Tag Archives: prayer

Enough Is Enough…Or Is It?

The effects of sin are numerous, and are ugly, horrible, yet very serious realities that we must face everyday.  Thankfully, our gracious and merciful God provided us redpetion for our sinful nature through the blood of his son, Jesus Christ. 

And yet, the effects of the choices of sin seem to become even more magnified when a believer, a follower of Christ, one who has professed a personal faith in Jesus Christ as their Lord and Savior, is the perpetrator.  

Sadly, I face this situation now with someone I know, someone I care about.

When a fellow believer, or someone from your family, or someone who is a friend, or from your church, or in your community chooses to follow a path that is contrary to the discipleship and teachings of Christ, the Bible is very clear on how we should handle that situation.

 Matthew 18:15-20 states:
15 “If your brother or sister sins, go and point out their fault, just between the two of you. If they listen to you, you have won them over. 16 But if they will not listen, take one or two others along, so that ‘every matter may be established by the testimony of two or three witnesses.’ 17 If they still refuse to listen, tell it to the church; and if they refuse to listen even to the church, treat them as you would a pagan or a tax collector.
   18 “Truly I tell you, whatever you bind on earth will be bound in heaven, and whatever you loose on earth will be loosed in heaven.
   19 “Again, truly I tell you that if two of you on earth agree about anything they ask for, it will be done for them by my Father in heaven. 20 For where two or three gather in my name, there am I with them.”

But when it comes right down to it and it’s time to confront that person in Christian love, just how should we handle it? 

There’s a fine line between a group of Christians confronting (in Biblical love) another about sin, and a group of Christians attacking someone else for personal choices they don’t agree with.  A very fine line.  

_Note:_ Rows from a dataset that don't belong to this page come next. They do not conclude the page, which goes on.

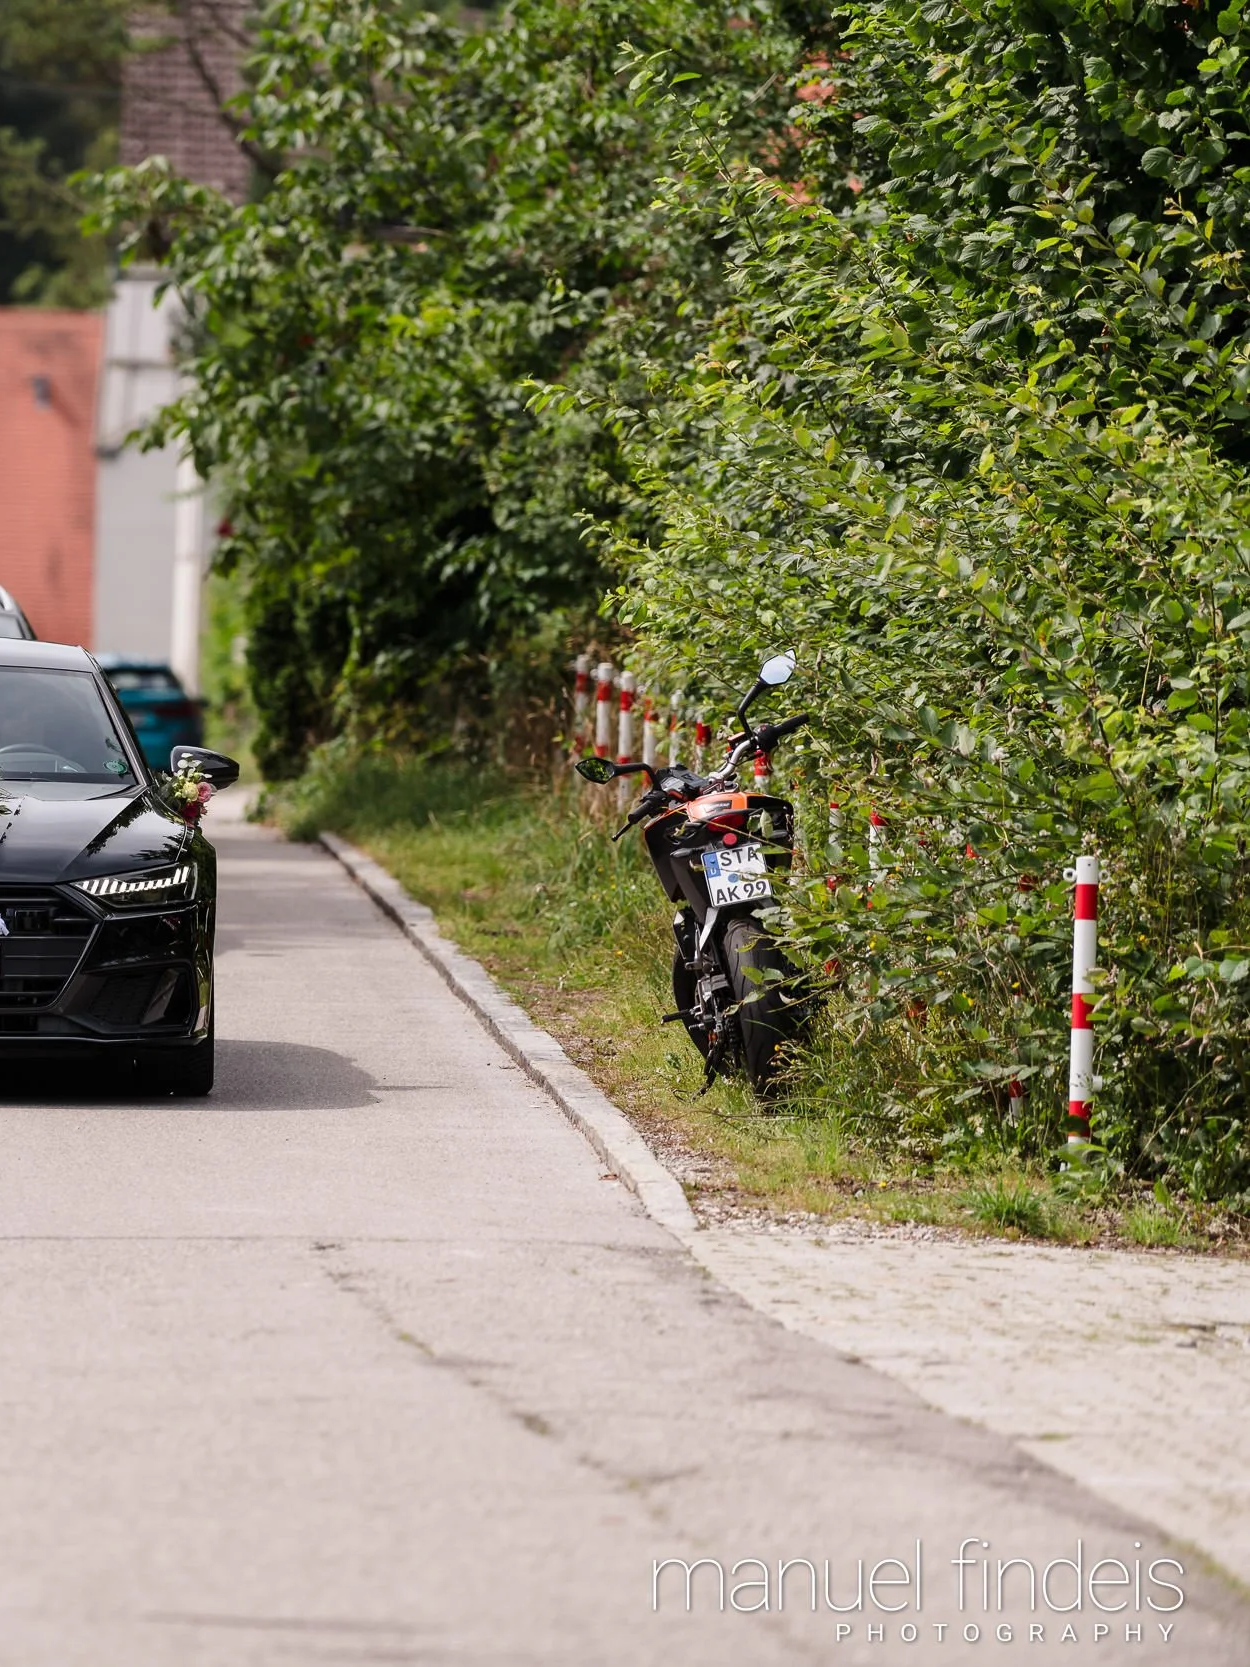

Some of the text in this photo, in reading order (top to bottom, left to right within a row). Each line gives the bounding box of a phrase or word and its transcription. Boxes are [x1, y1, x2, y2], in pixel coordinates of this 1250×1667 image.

[720, 846, 758, 867] STA
[716, 880, 767, 905] AK 99
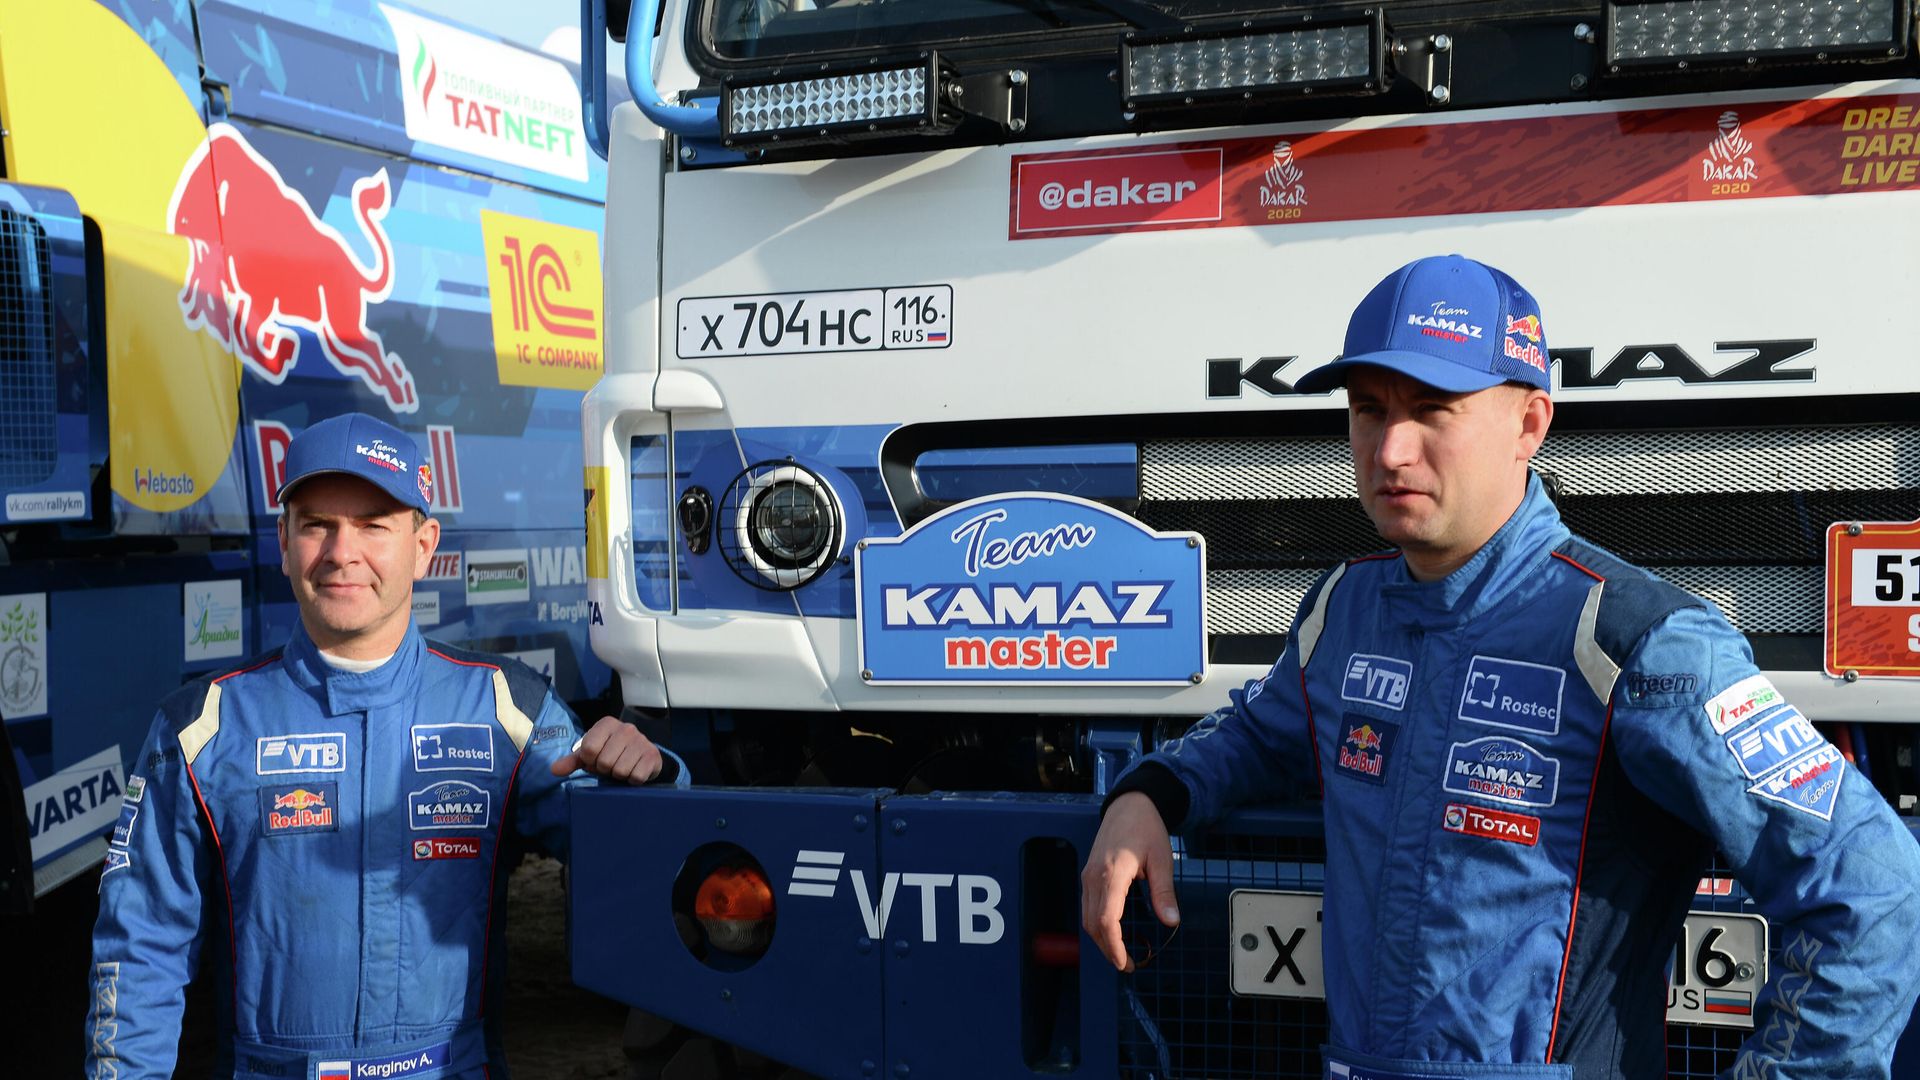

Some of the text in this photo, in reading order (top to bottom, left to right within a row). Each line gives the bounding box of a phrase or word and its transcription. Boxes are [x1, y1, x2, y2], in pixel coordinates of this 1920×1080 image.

[445, 93, 575, 158] TATNEFT
[1702, 157, 1758, 182] DAKAR
[1841, 160, 1920, 185] LIVE
[1038, 177, 1196, 211] @dakar
[1259, 184, 1308, 207] DAKAR
[1712, 182, 1750, 195] 2020
[1267, 208, 1301, 220] 2020
[894, 296, 938, 326] 116
[1431, 301, 1469, 316] Team
[892, 330, 924, 343] RUS
[1408, 314, 1483, 339] KAMAZ
[1421, 327, 1468, 343] master
[537, 346, 599, 371] COMPANY
[1504, 336, 1531, 364] Red
[356, 445, 407, 472] KAMAZ
[134, 468, 194, 495] Webasto
[8, 497, 83, 514] vk.com/rallykm
[953, 510, 1094, 575] Team
[883, 583, 1170, 628] KAMAZ
[946, 632, 1116, 667] master
[1366, 667, 1407, 704] VTB
[1501, 696, 1557, 720] Rostec
[1763, 720, 1815, 757] VTB
[287, 742, 340, 767] VTB
[448, 748, 491, 760] Rostec
[1339, 746, 1382, 776] Red Bull
[1480, 743, 1525, 763] Team
[1454, 760, 1544, 789] KAMAZ
[1768, 747, 1840, 795] KAMAZ
[1468, 778, 1526, 800] master
[28, 769, 122, 839] VARTA
[417, 803, 483, 815] KAMAZ
[269, 807, 333, 830] Red Bull
[432, 814, 475, 824] master
[1470, 812, 1533, 838] TOTAL
[435, 842, 478, 854] TOTAL
[850, 869, 1005, 945] VTB
[419, 1053, 433, 1067] A.

And what if the person who is confronted doesn’t want to listen?  What if that person rejects all forms of care and concern because he or she knows that their choices are wrong, and therefore doesn’t want to listen to convicting words?

Then it’s time for the next step.  Then it’s time to call in the leadership of the church.  And if that doesn’t work, then we face the difficult task of treating them as we would a “pagan or tax collector.” 

If you’ve ever had to face this difficult task, then you know how frustrating it can be to have to look at someone you care about, someone you call friend, and have to turn away, knowing that they are blatantly choosing sin over the truth they know so well.  

My Biblical side knows that Christ himself sanctioned these steps of discipline to remind the believer that Christ’s sacrifice provides the means necessary to be in the presence of God, to be in the fellowship of believers.  But my human side wants to punch that believer in the face because they know better– because they are hurting not only themselves, but those around them; the people who care about them most.  Is this a wrong reaction?  Is this human anger or righteous anger? 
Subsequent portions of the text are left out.